(Phrase grounding data)
____________
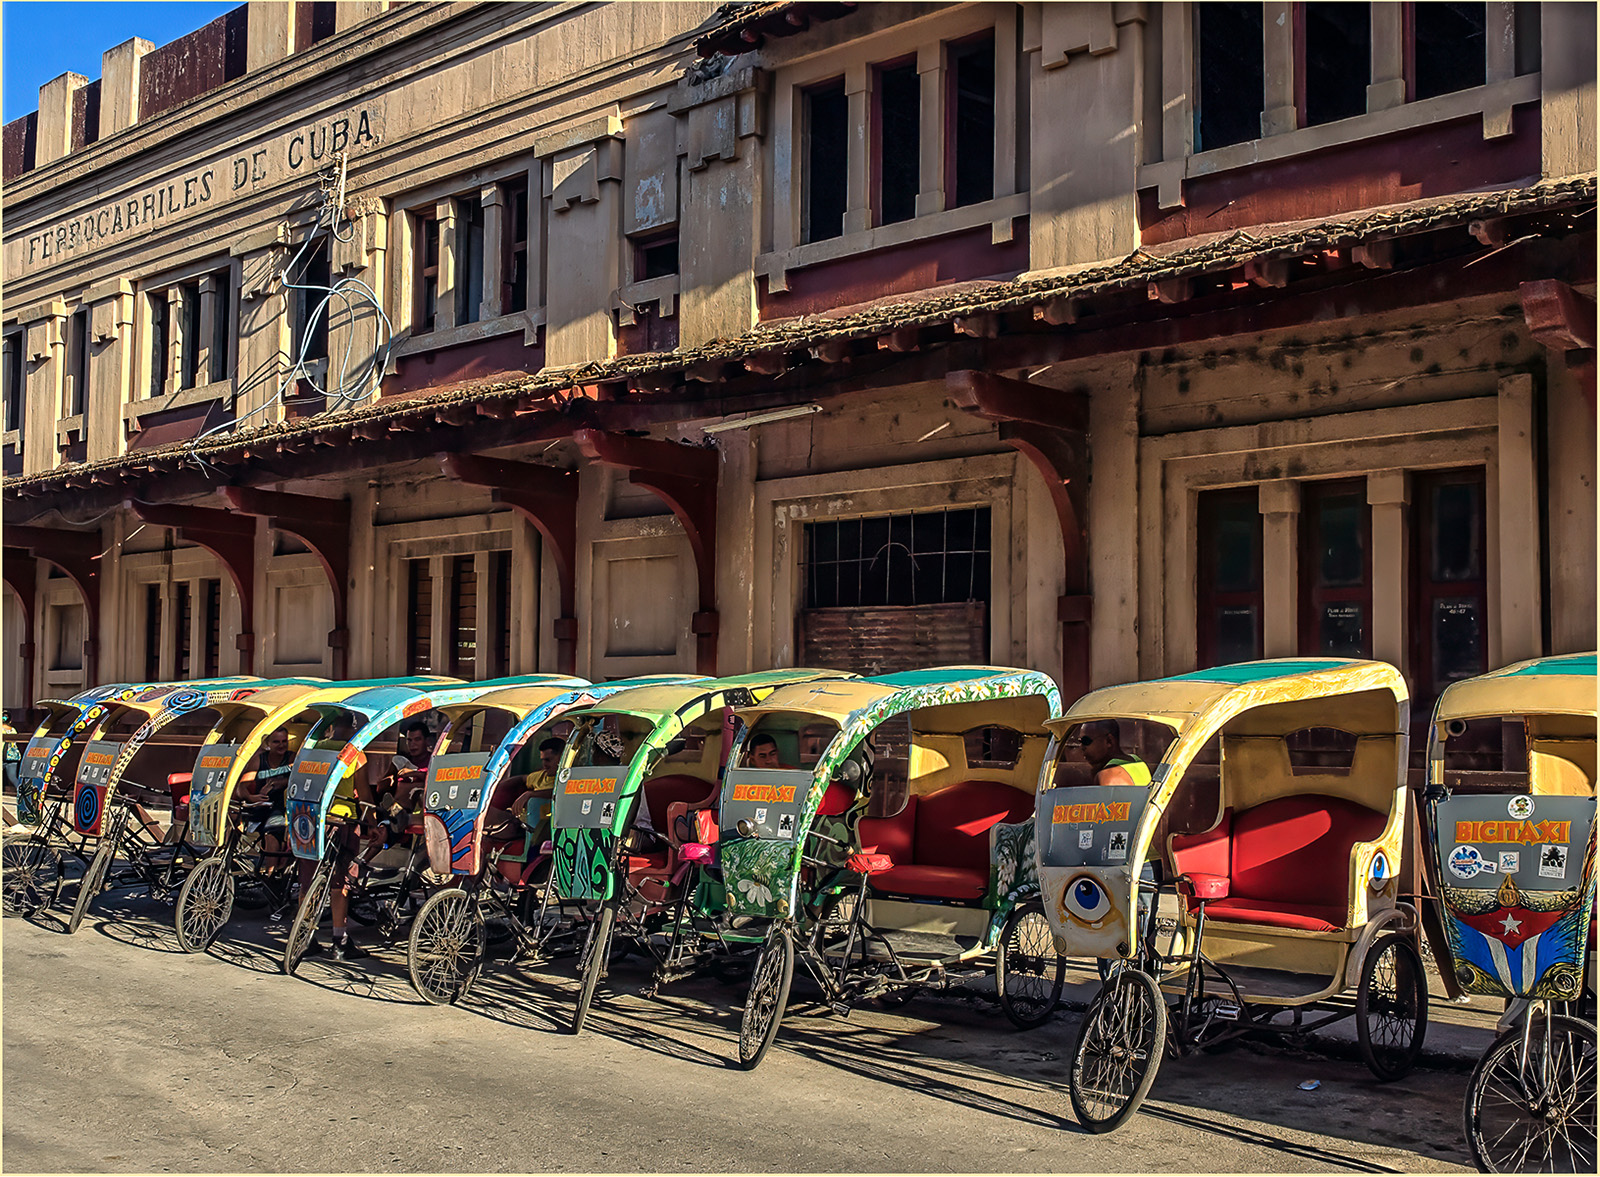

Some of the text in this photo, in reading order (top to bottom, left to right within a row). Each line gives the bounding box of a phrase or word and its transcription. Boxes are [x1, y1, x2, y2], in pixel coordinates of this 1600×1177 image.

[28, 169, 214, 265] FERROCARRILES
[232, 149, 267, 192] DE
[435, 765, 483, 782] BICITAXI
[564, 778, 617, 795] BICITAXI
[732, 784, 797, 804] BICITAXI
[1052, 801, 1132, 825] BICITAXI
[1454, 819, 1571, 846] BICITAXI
____________
Goal of the exercise: Reproduce the entries above exactly, though not their pictures.

Result below:
Some of the text in this photo, in reading order (top to bottom, left to right within a row). Each line gives the bounding box of a phrase or word and its transcription. Boxes are [x1, y1, x2, y2], in pixel coordinates of this 1600×1177 image.

[28, 169, 214, 265] FERROCARRILES
[232, 149, 267, 192] DE
[435, 765, 483, 782] BICITAXI
[564, 778, 617, 795] BICITAXI
[732, 784, 797, 804] BICITAXI
[1052, 801, 1132, 825] BICITAXI
[1454, 819, 1571, 846] BICITAXI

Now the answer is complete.